Task directions ::
The copy you give must match the records exactly, except that it holds no images.

[Referring expression grounding data]
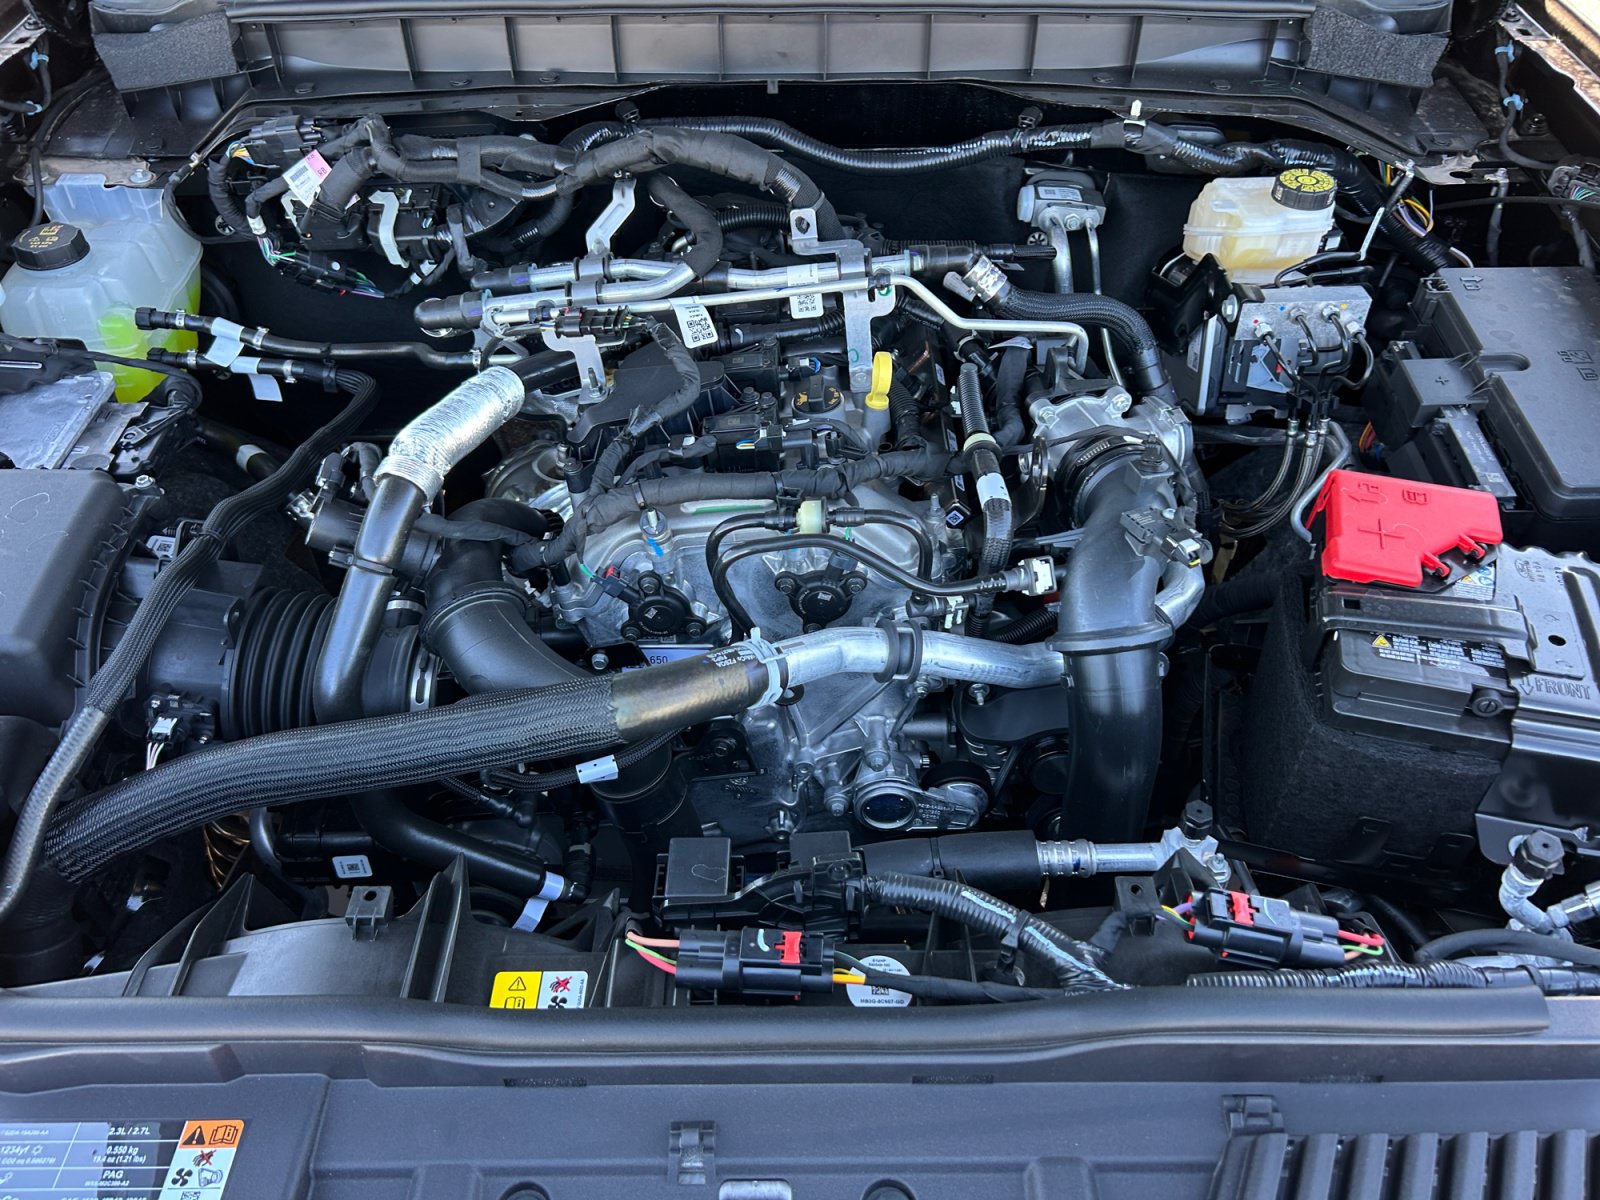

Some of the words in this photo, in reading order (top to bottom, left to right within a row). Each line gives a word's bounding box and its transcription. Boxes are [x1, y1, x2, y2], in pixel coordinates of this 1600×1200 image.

[1535, 677, 1590, 700] FRONT
[108, 1127, 126, 1135] 2.3L
[132, 1127, 150, 1135] 2.7L
[106, 1146, 127, 1155] 0.550
[128, 1145, 139, 1155] kg
[102, 1170, 124, 1179] PAG

Task result ::
Some of the words in this photo, in reading order (top to bottom, left to right within a row). Each line gives a word's bounding box and its transcription. Boxes are [x1, y1, x2, y2], in pixel coordinates of this 1600×1200 image.

[1535, 677, 1590, 700] FRONT
[108, 1127, 126, 1135] 2.3L
[132, 1127, 150, 1135] 2.7L
[106, 1146, 127, 1155] 0.550
[128, 1145, 139, 1155] kg
[102, 1170, 124, 1179] PAG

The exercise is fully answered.